-------- INPUT DATA

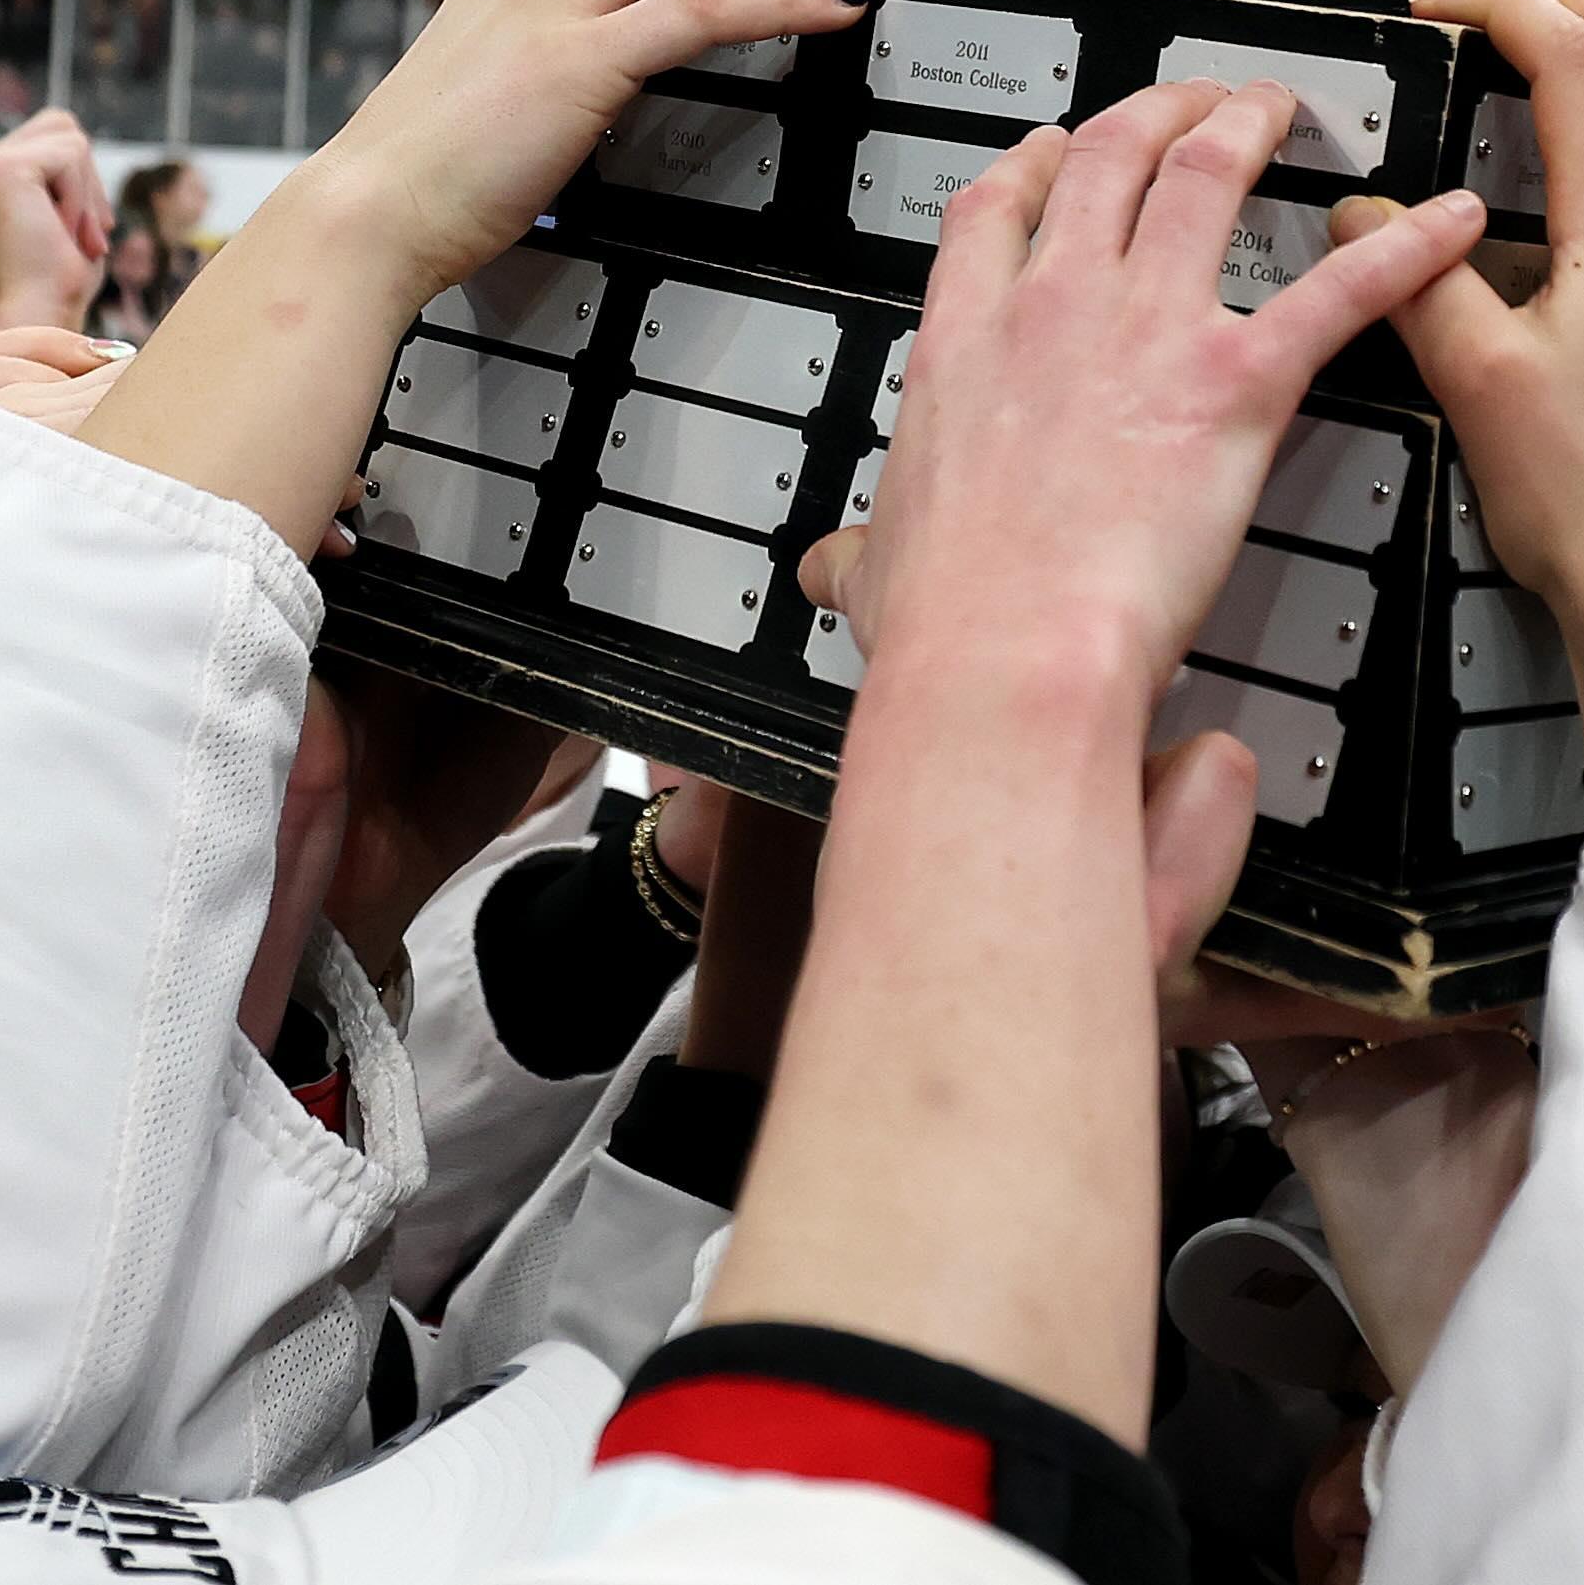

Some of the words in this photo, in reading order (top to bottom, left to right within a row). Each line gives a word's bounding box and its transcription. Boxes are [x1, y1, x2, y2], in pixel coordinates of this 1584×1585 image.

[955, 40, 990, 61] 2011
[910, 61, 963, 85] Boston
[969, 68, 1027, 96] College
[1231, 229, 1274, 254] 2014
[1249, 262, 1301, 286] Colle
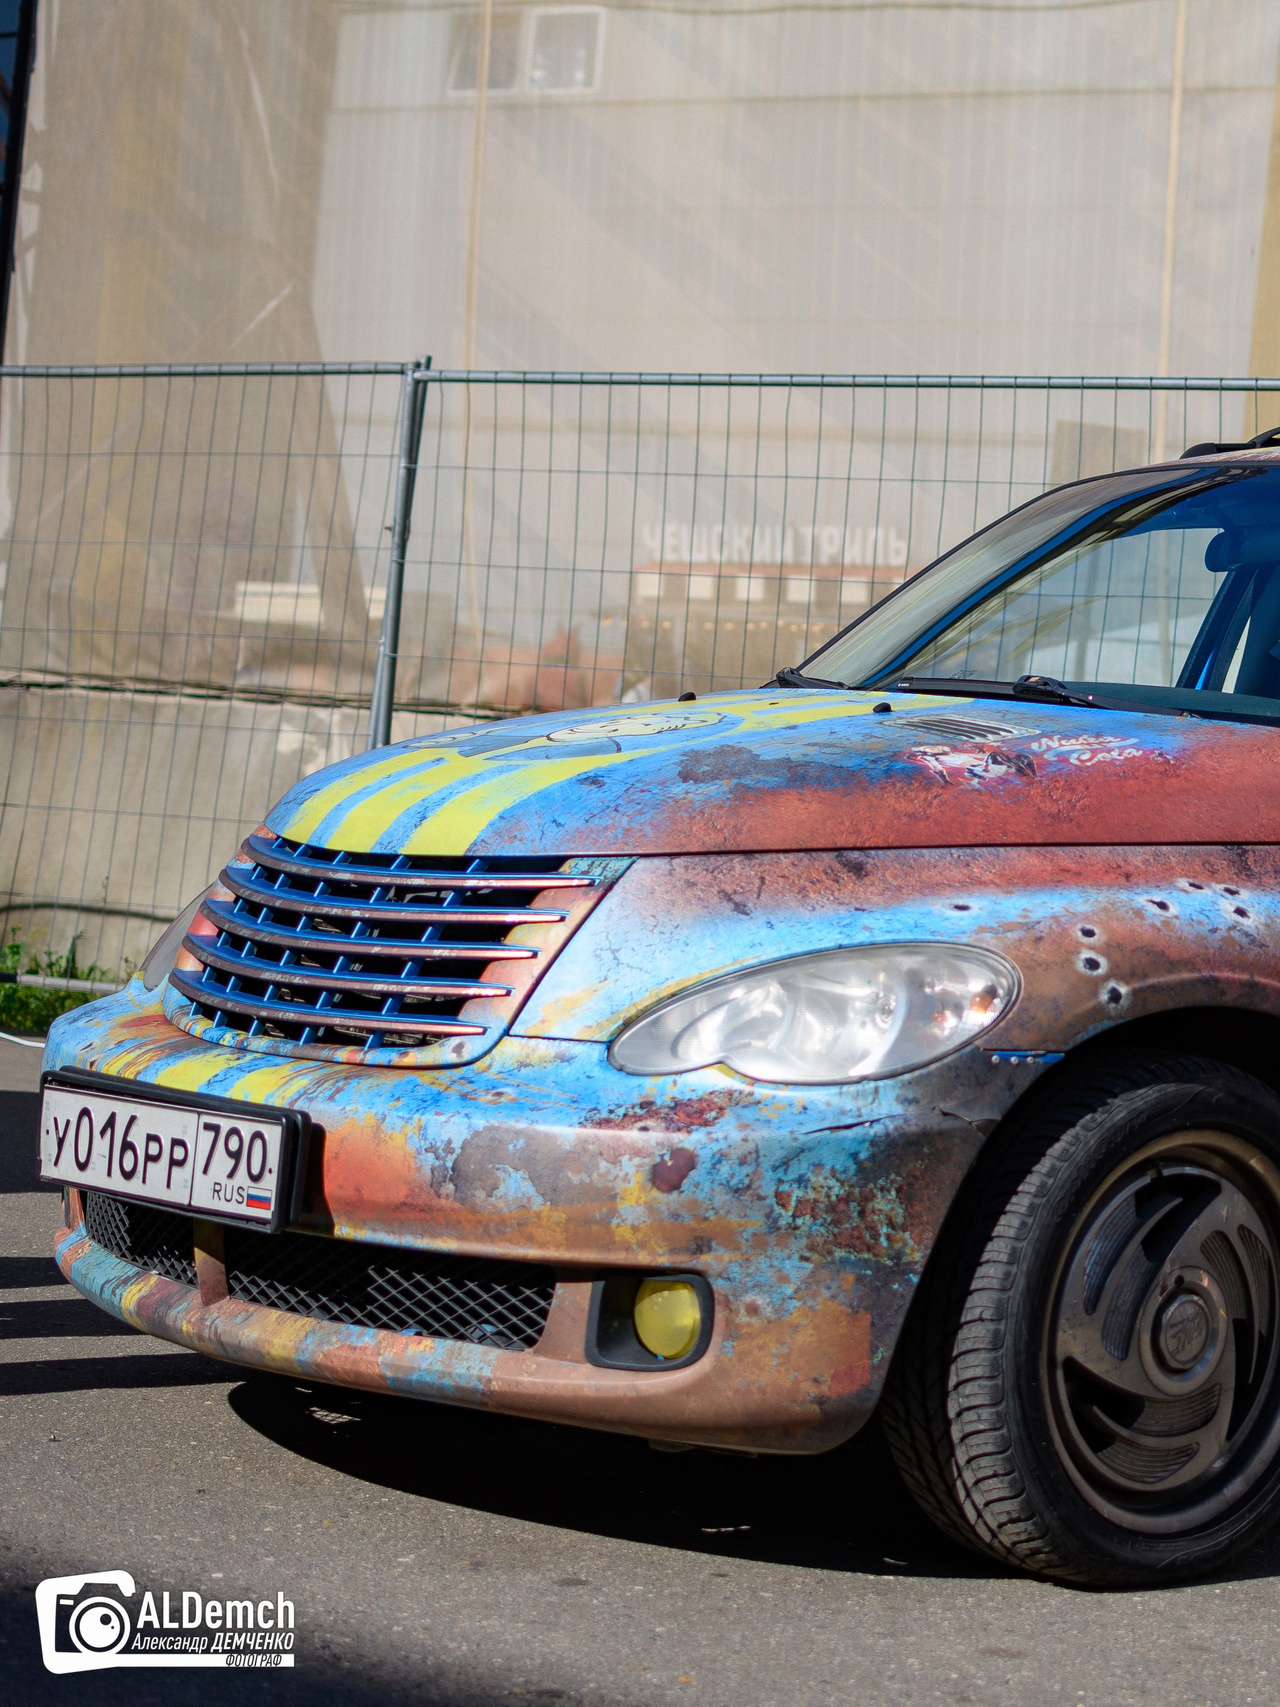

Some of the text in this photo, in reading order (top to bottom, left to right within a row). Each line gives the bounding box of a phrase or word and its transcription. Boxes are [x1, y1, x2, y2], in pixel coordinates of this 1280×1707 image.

----------------

◆ **THE PROBLEM**: Print the material precisely as given, dropping any images it holds.

◆ **RESULT OF THIS TASK**:
Some of the words in this photo, in reading order (top to bottom, left to right within a row). Each line gives a word's bounding box and its transcription. Boxes are [x1, y1, x2, y2], in pixel coordinates of this 1584×1585 image.

[955, 40, 990, 61] 2011
[910, 61, 963, 85] Boston
[969, 68, 1027, 96] College
[1231, 229, 1274, 254] 2014
[1249, 262, 1301, 286] Colle

Some of the text in this photo, in reading order (top to bottom, left to right within a row). Each line gives the bounding box of a phrase or word and its transcription. Boxes are [x1, y1, x2, y2], in pixel coordinates of this 1280×1707 image.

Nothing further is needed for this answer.